Fielding emotions: introduction

By Ingie Hovland (SOAS, University of London)

What is the function of emotions in the socio-cultural anthropological research process?

Emotions are inextricably tied up in our anthropological research and writing-in our apprehensive anticipation of the field, our feelings of helplessness once there, our anger at 'informants', our moments of panic, exuberance or exhaustion, our joy over the development of meaningful relationships and our excitement when we are 'struck' by something, and the despair, resignation or satisfaction that accompany writing up. Yet these emotions are often dismissed in a number of curious ways: frequently left out of anthropological research methods courses, frequently edited out of ethnographic texts, admonished when they slip into PhD seminars, in general confined to personal fieldnotes, at times turned into jokes or asides, and at other times treated with uncertainty, embarrassment or silence. How has this state of affairs come about? Is it only due to anthropology's over-reliance on the Western academy and its Enlightenment split between knowing and feeling, turning emotions into the dangerous 'other' of knowledge? Or does it go beyond the question of hierarchies of knowledge and probe into the regulatory regimes of the anthropological community itself, turning emotions into an object of discipline? The contributions to this issue of the Anthropology Matters Journal all circle around this underlying and complex question: What is the function of emotions in the socio-cultural anthropological research process?
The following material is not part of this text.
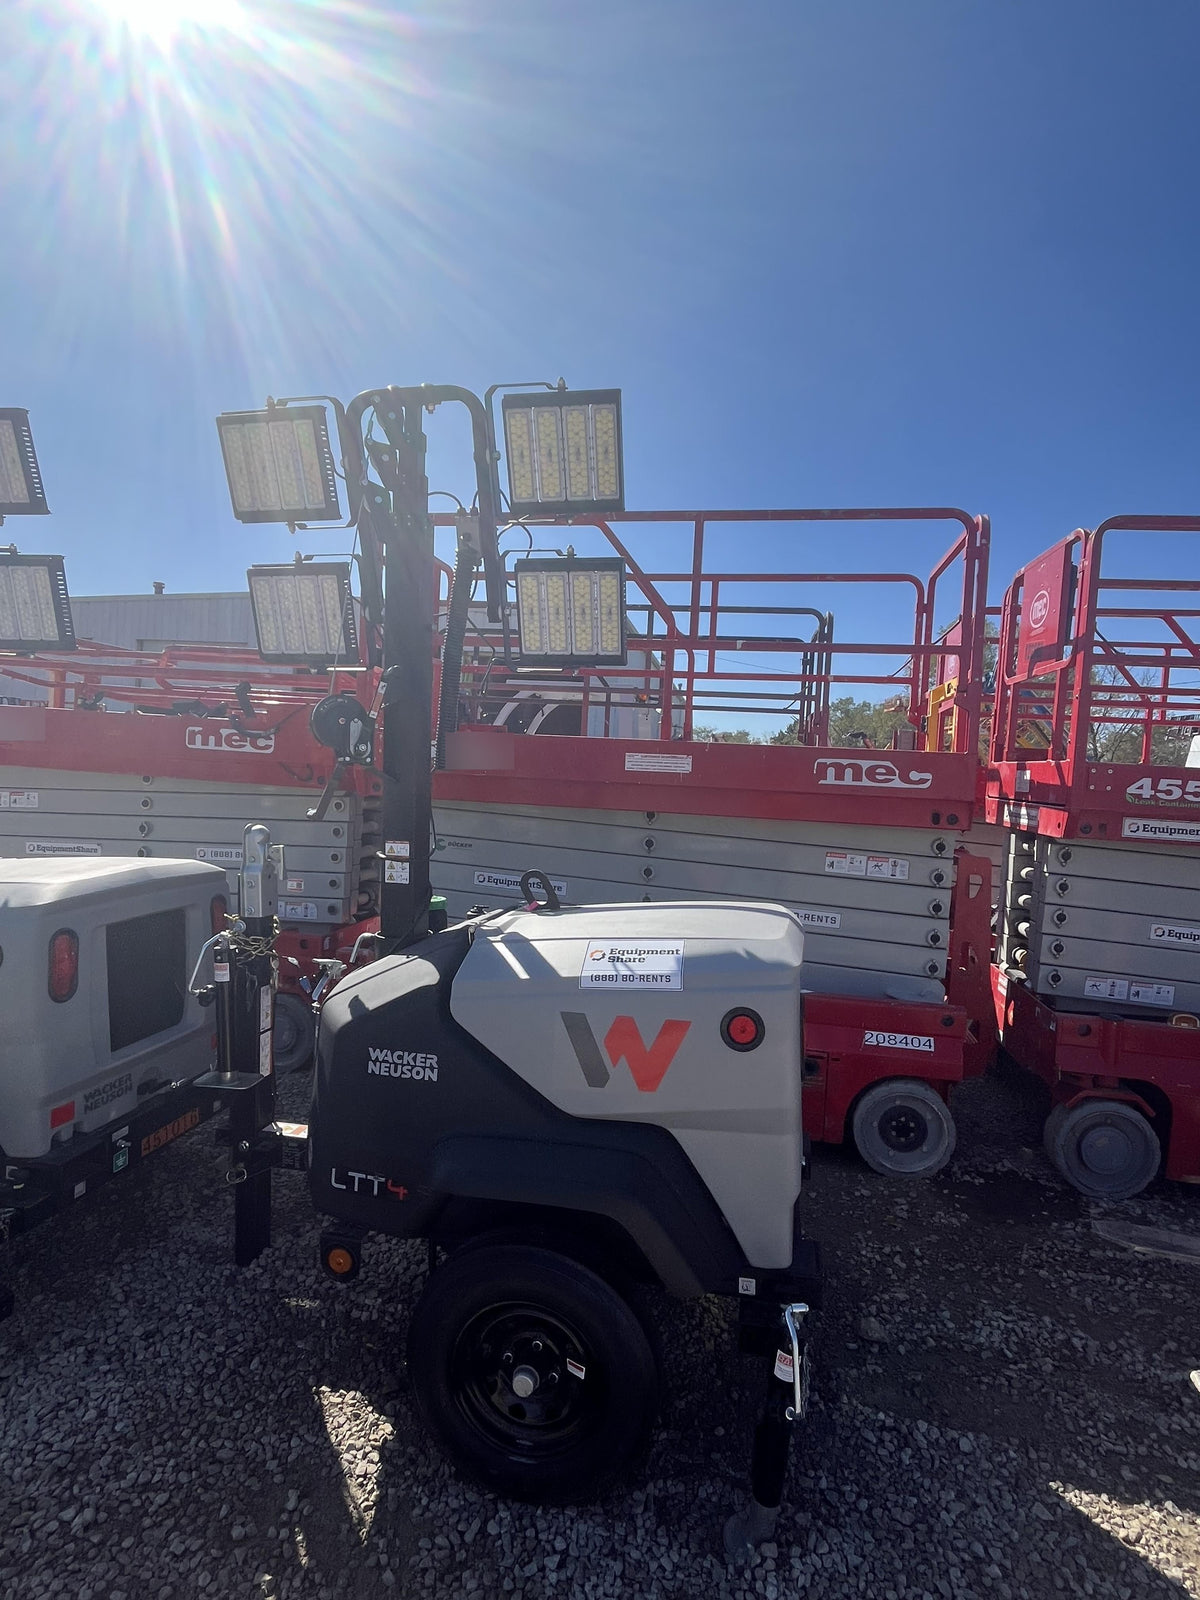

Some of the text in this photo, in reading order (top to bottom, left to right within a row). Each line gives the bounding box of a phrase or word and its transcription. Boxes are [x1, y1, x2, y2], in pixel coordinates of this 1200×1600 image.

1. Emotions as epistemological and disciplinary regimes

Do emotions, as Rachel Irwin argues, operate as 'anthropology's taboo'? Or do they, as Celayne Heaton Shrestha suggests, form the strategic shifts of the archetypal anthropological apprenticeship journey, from fieldwork and powerlessness to power and distancing? In either case, emotions seem to have a surprisingly important function in the processes through which novice researchers are disciplined into anthropology. In her article 'Culture shock: negotiating feelings in the field', Irwin argues that the pervasive and tacit impact of culture shock on fieldworkers' experiences and research has never been adequately acknowledged and addressed within anthropology. She provides illustrative examples from her own experience in western Kenya that, I think, any fieldworker who has crossed cultural boundaries will recognise. In sum, she argues that the silence that surrounds these emotional experiences is so pressing that it amounts to a taboo that functions 'to protect the local consensus on how the world is organised' (p. 10) within anthropology. It is not hard to see how it feeds into a certain consensus-a complicated one, but readily recognisable, I think, to anyone who has been through anthropology PhD seminars and a PhD viva-on how 'emotionally detached' knowledge should be produced, all the while hiding from view the important emotional shocks, engagements and disengagements that have actually happened.
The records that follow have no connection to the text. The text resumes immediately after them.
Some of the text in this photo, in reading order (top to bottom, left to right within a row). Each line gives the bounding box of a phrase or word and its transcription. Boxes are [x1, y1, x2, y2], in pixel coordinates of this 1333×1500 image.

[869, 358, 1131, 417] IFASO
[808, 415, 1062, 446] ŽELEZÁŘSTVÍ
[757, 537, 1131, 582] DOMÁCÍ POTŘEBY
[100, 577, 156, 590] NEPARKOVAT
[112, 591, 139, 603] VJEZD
Celayne Heaton Shrestha takes a different view. In her article 'Emotional apprenticeships: reflection on the role of academic practice in the construction of "the field"', she argues that the emotional engagements that take place are not exactly suppressed in the anthropology department, but rather subtly and strategically formed and transformed. She plots the journey of the novice anthropologist, drawing on examples from her own experience in Nepal and London, from a position of vulnerability and powerlessness in the field, to a growing feeling of power and distance as she returned to her anthropological institution. This shifting emotional emphasis was encouraged by the way post-field training is set up, implicitly (and sometimes explicitly) legitimising the memory and cultivation of some emotions while delegitimising others, thus reinforcing hierarchy and a certain process of Othering.
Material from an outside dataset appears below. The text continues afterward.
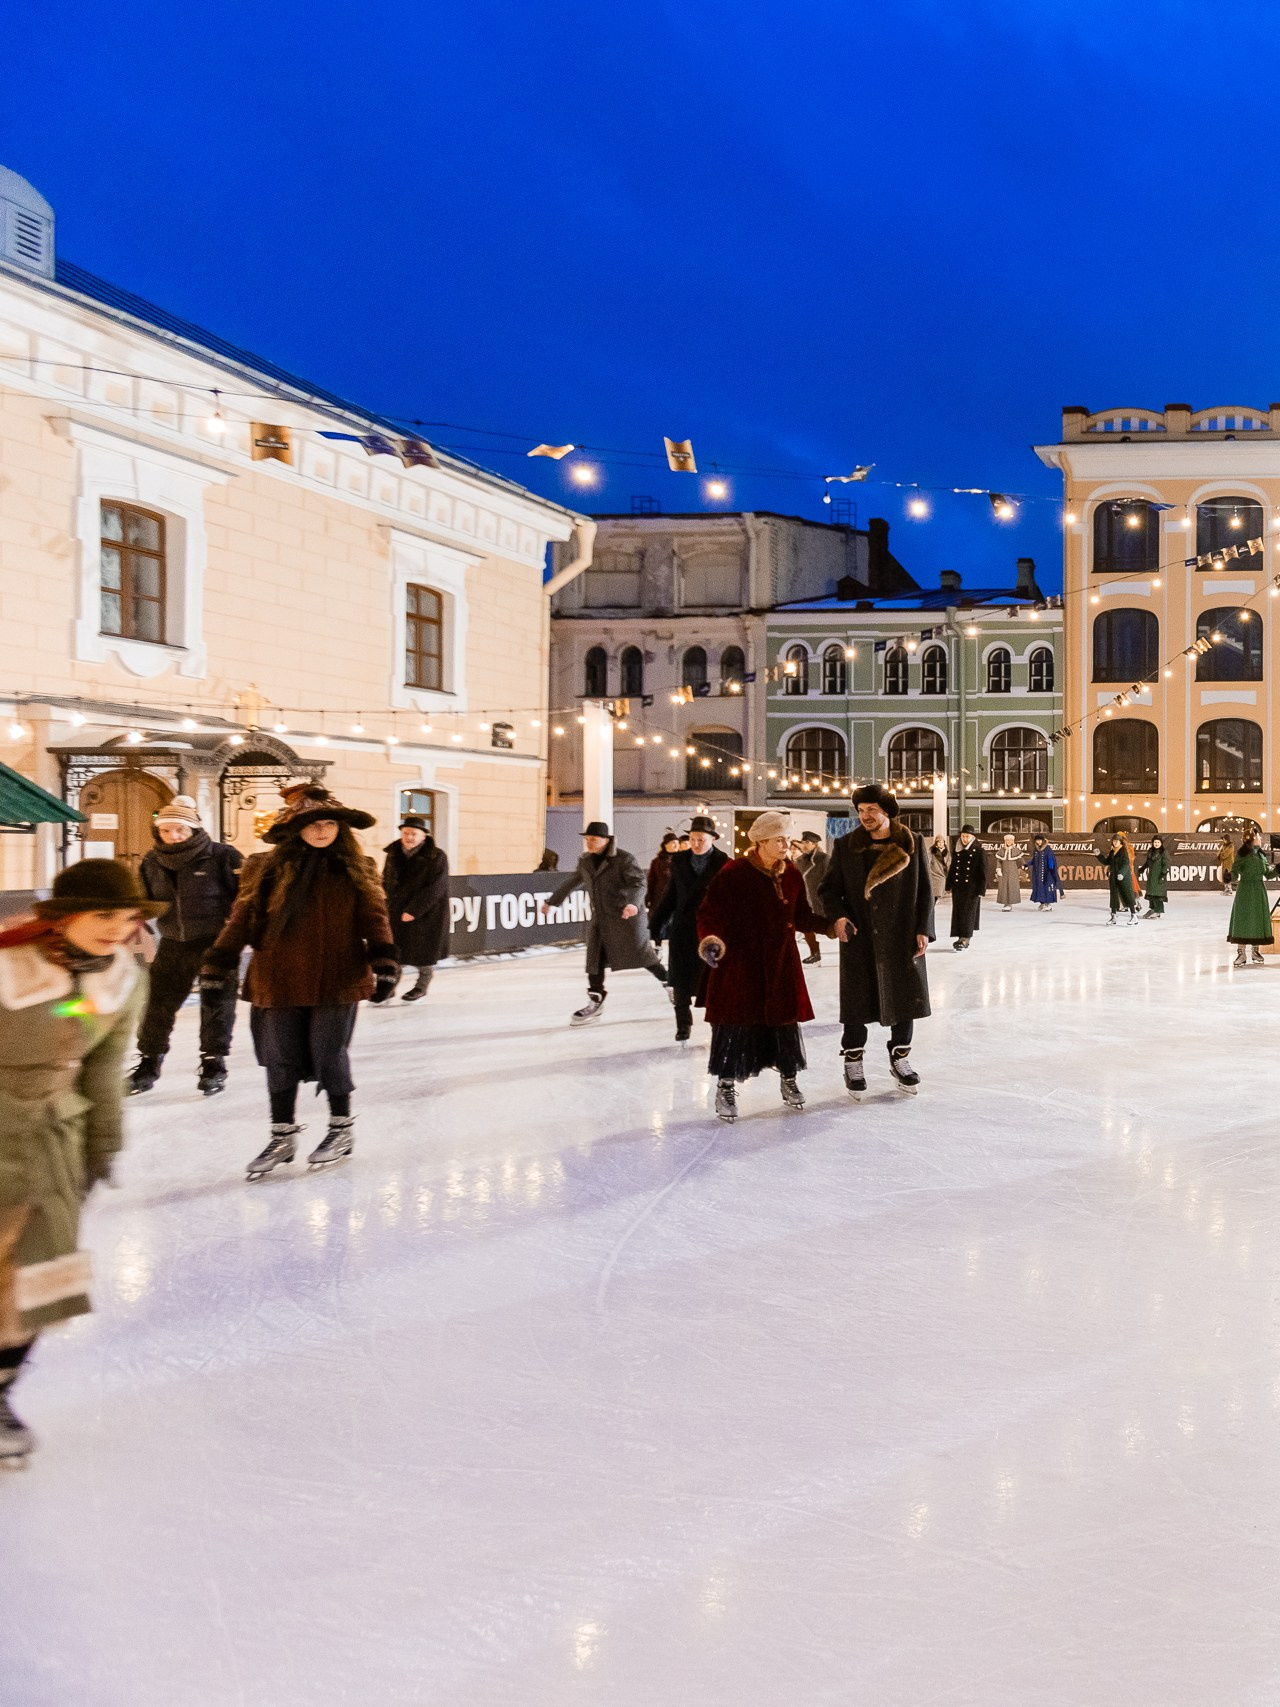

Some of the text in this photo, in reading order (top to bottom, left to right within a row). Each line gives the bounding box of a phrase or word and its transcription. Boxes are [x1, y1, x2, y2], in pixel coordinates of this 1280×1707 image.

[988, 843, 1028, 851] БАЛКА
[1053, 843, 1093, 851] БАЛТИКА
[486, 889, 592, 931] ГОСТИНК
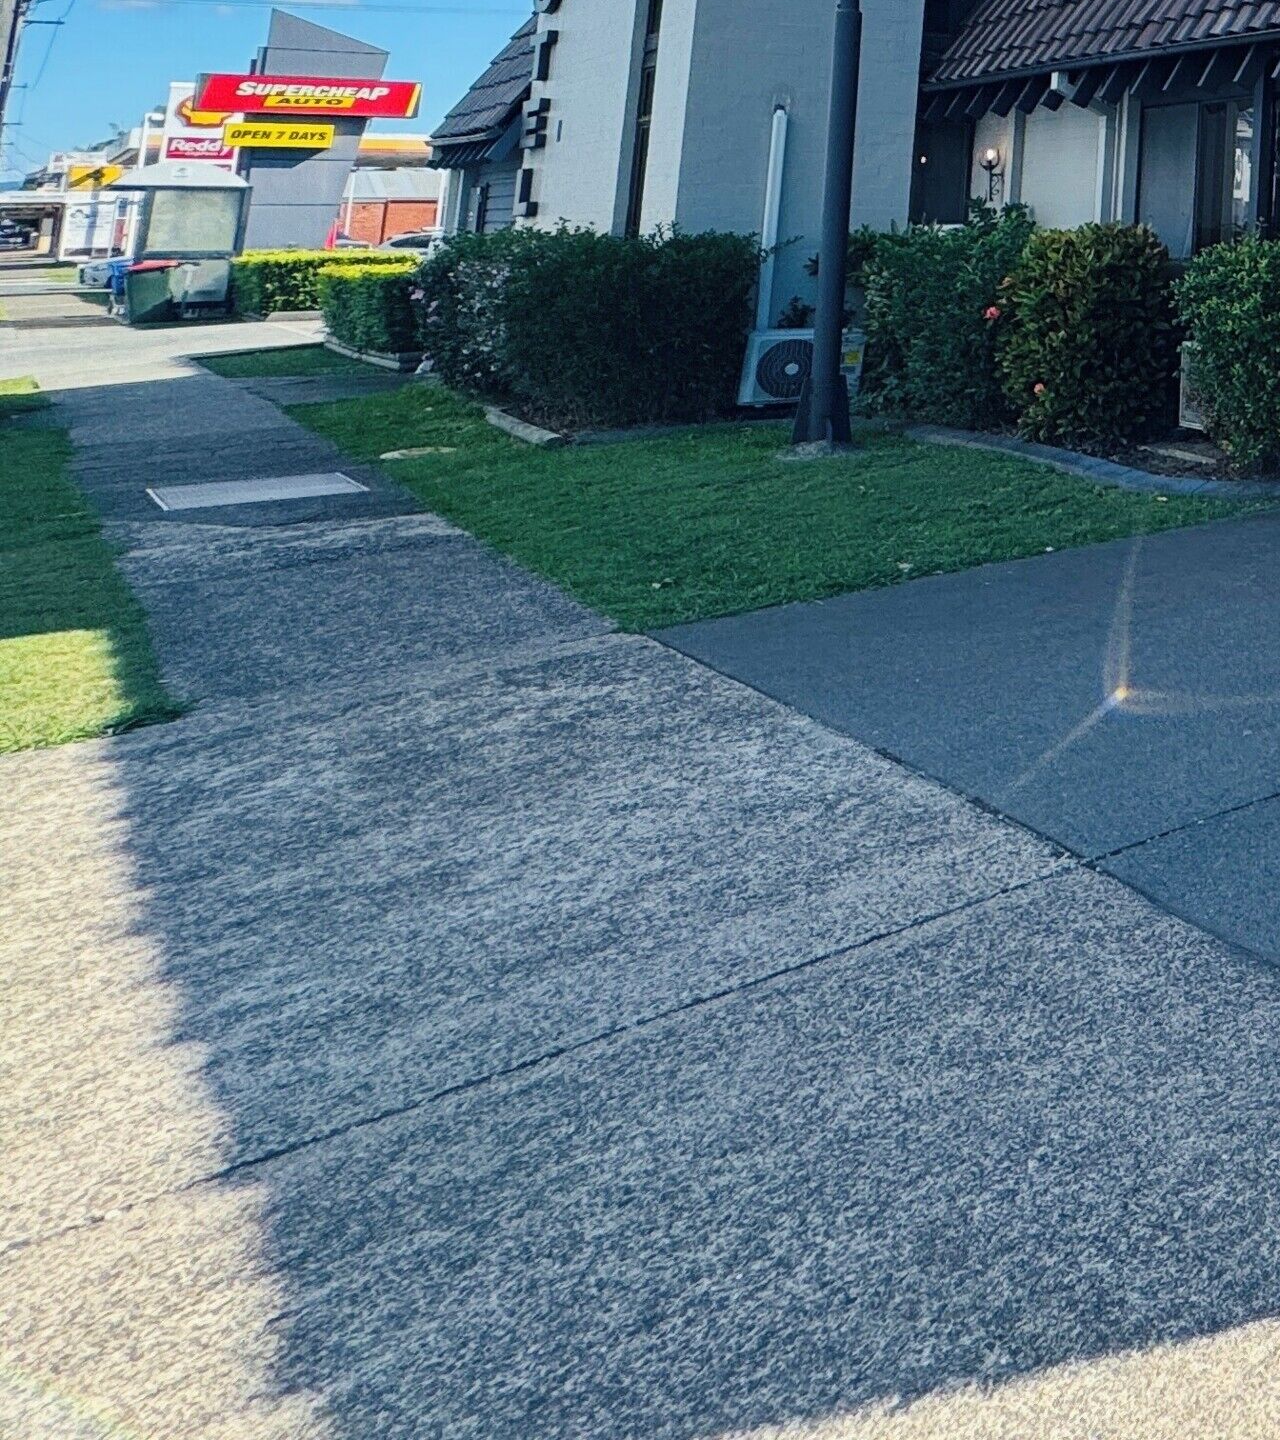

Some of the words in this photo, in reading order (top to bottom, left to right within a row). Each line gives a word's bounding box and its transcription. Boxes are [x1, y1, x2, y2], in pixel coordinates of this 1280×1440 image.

Then again, Kate Woodthorpe takes a third and different view on what the relationship between emotions and the methodological (and disciplinary) processes of anthropology might be. In her article 'My life after death: connecting the field, the findings and the feelings', she traces her own rites of passage as she sought to understand experiences in a contemporary cemetery landscape in East London. Her emotional involvement changed from being anxiously detached yet overly caught up in the topic of death, to a deeper process of insight about what the topic meant to her, and how her emotional state should be seen in association with the data that she was collecting in the cemetery. From then on she was able to use her own anxiety as a key empathetic strength in the analytical process.

These first three articles form what can be loosely called the analytical springboard of the collection. They take us through three different perspectives on what the relationship(s) between emotions and anthropology's epistemological and disciplinary regimes might be: at times emotions are suppressed in the anthropology department and function as a collective taboo, as Irwin shows; at times their emphasis is strategically changed, as Shrestha shows; and at times they are brought about because of academic exchanges that acknowledge their importance, and they become key tools in our understanding, as Woodthorpe shows. All three authors, however, have one thing in common: they all choose to focus on the importance of the anthropological methodology of fieldwork, reiterating once again that we need to explore more fully why emotions, which are an inextricable part of this method, have not been given greater attention within anthropology, and how this avoidance seems to be intimately linked to some of the less noble aspects of our epistemological and disciplinary regimes-including disavowal of culture shock, and ingrained processes of othering.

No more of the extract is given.